Figure 2. β Cell Notch activation prevents normal GSIS, leading to glucose intolerance.

(A) GTT in chow-fed, adult β-NICD, and Cre^– control mice (n = 7–8 mice/group). (B) GTT in chow-fed, 1 year-old β-NICD mice and Cre^– control mice (n = 7–8 mice/group). (C) GTT in β-NICD and Cre^– control mice fed HFD for 8 weeks (n = 8–10 mice/group). (D) GTT in chow-fed, adult β-NICD/Rbpj and Cre^– control mice (n = 7 mice/group). (E) Plasma insulin postintraperitoneal glucose injection in chow-fed β-NICD and Cre^– control mice (n = 5 mice/group). (F) GSIS in islets isolated from β-NICD and Cre^– control mice, adjusted for islet insulin content (n = 4 mice/group). (G) Insulin content in islets isolated from β-NICD and Cre^– control mice, adjusted for islet DNA content (n = 4 mice/group). (H) Gene expression in islets isolated from chow-fed β-NICD and Cre^– control mice (n = 5 mice/group). (I) Representative images of pancreatic sections from β-NICD and Cre^– control mice stained with antibodies directed against Hes1 (left) or Slc2a2 (right) (n = 5 mice/group).

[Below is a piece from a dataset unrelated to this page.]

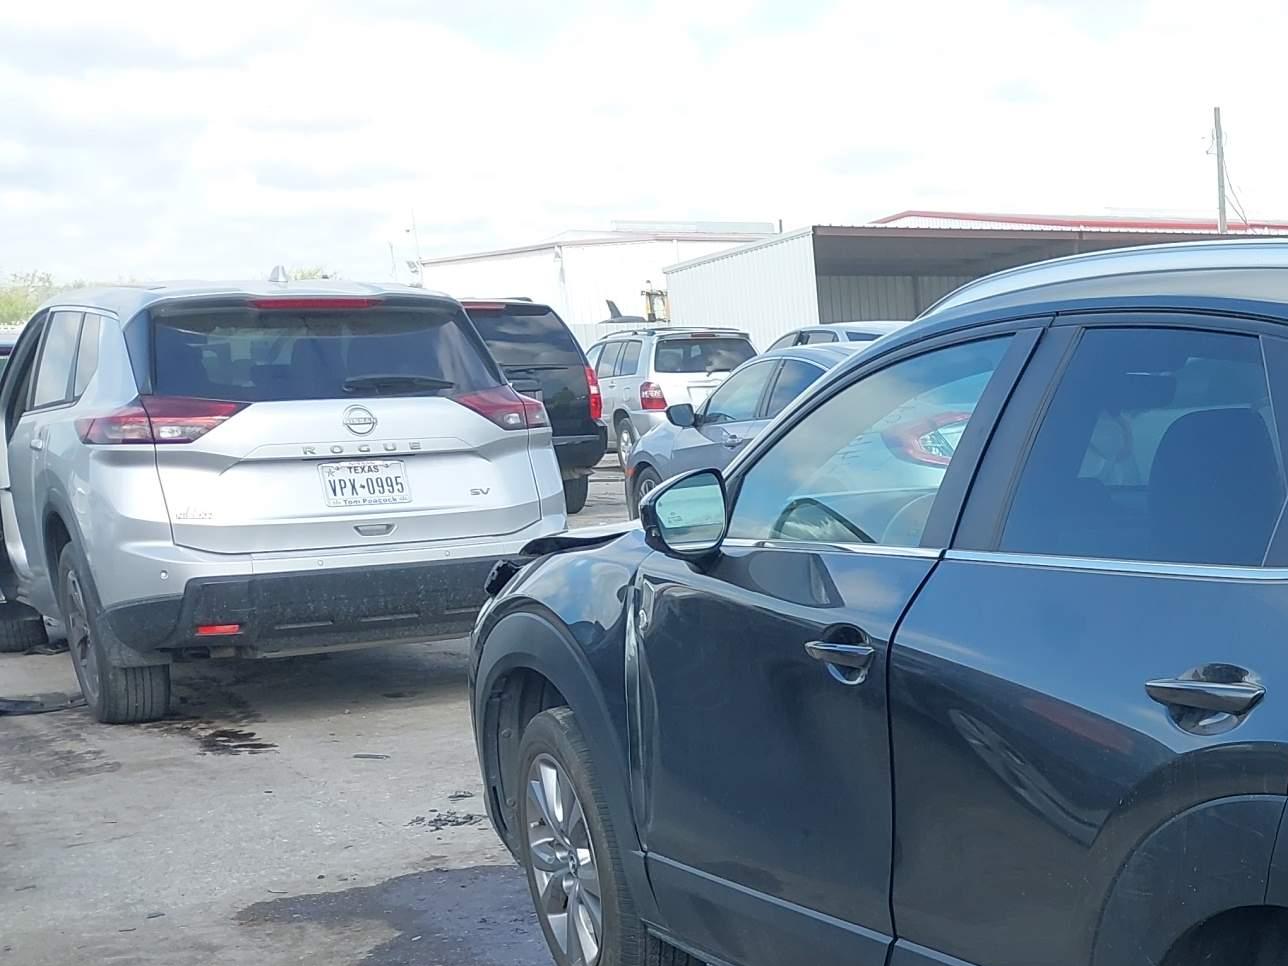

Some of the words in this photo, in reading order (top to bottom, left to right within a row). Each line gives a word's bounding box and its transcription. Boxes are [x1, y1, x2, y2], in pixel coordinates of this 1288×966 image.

Scale bars: 20 μm. (J) Representative electron micrographs from 1-year-old β-NICD mice and Cre^– control mice (top). Arrows represent immature vesicles, and arrowheads show mature vesicles. Scale bars: 500 nm. Quantitation of mature (over total) dense-core insulin vesicles (bottom left) and cytoplasmic area occupied by insulin vesicles (bottom right) (n = 2 mice/group). All data are shown with group means ± SEM. *P < 0.05; **P < 0.01; ***P < 0.001, 2-tailed t test.